# horse for daughter



## penelope (Jan 24, 2009)

hi all (waves)
i am a total newbie to horses. I always wanted to have lessons as a child but was pushed towards the ballet/tap stuff
now i have children of my own i am fortunate enough to allow them to participate in whatever they wish.
I have 2 daughters who started riding lessons a while ago. They have both taken to it so well and cant wait til there next lesson. Dont get me wrong i am not a pushy parent and would never make a decision on impulse, i was just wondering being a non horse person, if they do decide they enjoy it and we wish to purchase them a horse, do they have a normal horse or a smaller one for children? sorry i feel silly asking but on there first lesson they were out on ponies which were too small so they are now on horses. what size horse would i buy? thanks.


----------



## woody woodpecker (Feb 11, 2009)

i have never been a horsey person but my daughter took up riding when she was 5 shes now 14 1/2 we had ponies on loan for a while until she was 8 when we bought her first pony 12.2 nf shes now 16 and is still very fast and loves going out my daughter has sort of outgrown her in height wise although not weight wise cos they can carry a full grown man. we got another nf pony whos just turning 3 and he stands at 14.1 at the mo. my daughter is 5 ft 5 and hes fine for her. 
it depends on what horse you get to what you want to do with them my daughter is only interested in hacking a bit of hunting and jumping so the nf ponies are great for her


----------



## candysmum (Jan 18, 2009)

penelope said:


> hi all (waves)
> i am a total newbie to horses. I always wanted to have lessons as a child but was pushed towards the ballet/tap stuff
> now i have children of my own i am fortunate enough to allow them to participate in whatever they wish.
> I have 2 daughters who started riding lessons a while ago. They have both taken to it so well and cant wait til there next lesson. Dont get me wrong i am not a pushy parent and would never make a decision on impulse, i was just wondering being a non horse person, if they do decide they enjoy it and we wish to purchase them a horse, do they have a normal horse or a smaller one for children? sorry i feel silly asking but on there first lesson they were out on ponies which were too small so they are now on horses. what size horse would i buy? thanks.

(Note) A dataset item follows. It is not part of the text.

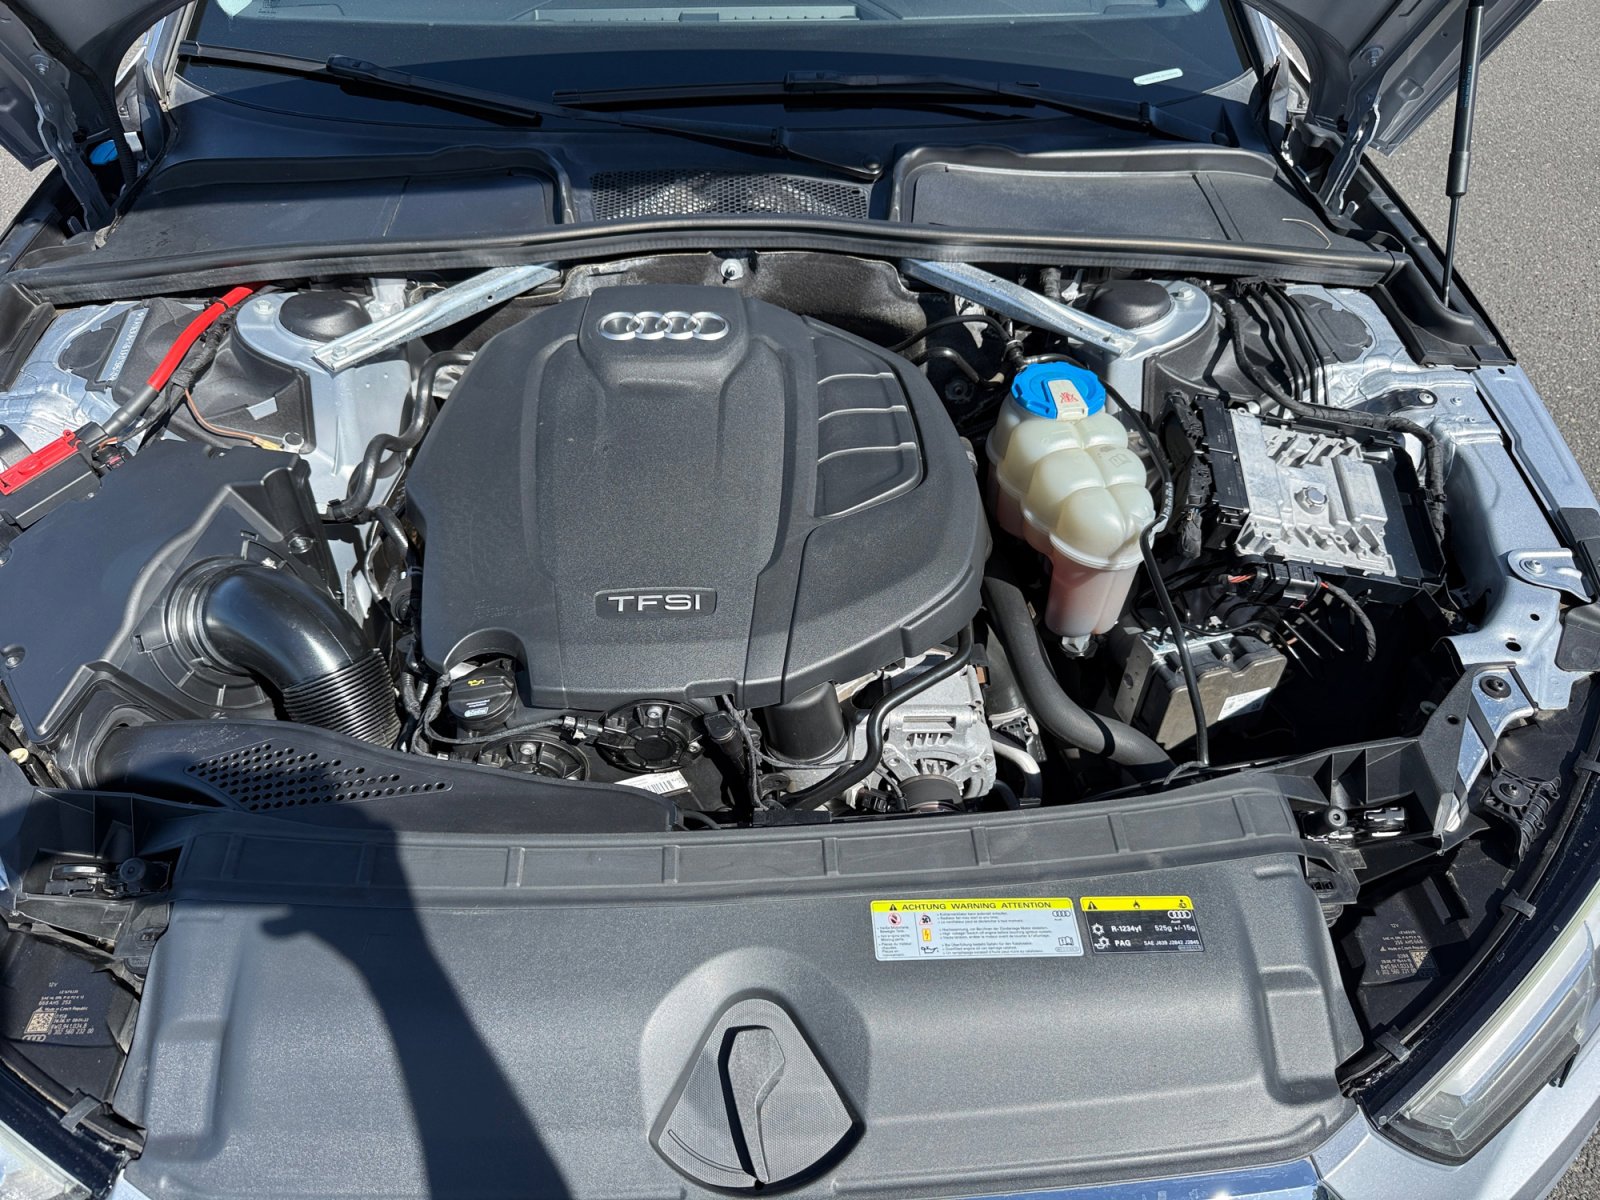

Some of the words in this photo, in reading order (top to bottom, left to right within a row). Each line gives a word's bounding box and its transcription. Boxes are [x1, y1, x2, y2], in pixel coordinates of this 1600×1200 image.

[607, 594, 701, 612] TFSI
[1111, 925, 1142, 933] R-1234yf
[1154, 924, 1172, 933] 525g

depending on their height really you could get a 11hh or 12hh to start off with. my girls all want to ride but i have 3 of them and at the moment the only riding school that has space is not a brill on so i refuse to let them go for now! saying that they have all been on my 14.2 cob but shes 15 in may and knows when there is a child on board and plants her feet. they have only ridden her is i am in the saddle too!


----------



## Tinks magic (Jan 4, 2009)

Well To be honest at the moment you need to do your research in equines and equine managment.

Find out if your kids RC do own a pony and stable managment courses.

In these situations your Riding Istructor is your best friend  They can advise you better than anyone as they know your childrens capabilities. They also may do loan ponys from the RS which is an Ideal starting point and the kids will have knowledgable advice close at hand.


----------



## JSR (Jan 2, 2009)

Definately recommend getting the kids on some sort of horse ownership course, most riding clubs do a day of horse care just for starters. Then i'd suggest maybe trying to find a share or loan for them. Share would be best that way you get the support from the owner while you are learning horse care.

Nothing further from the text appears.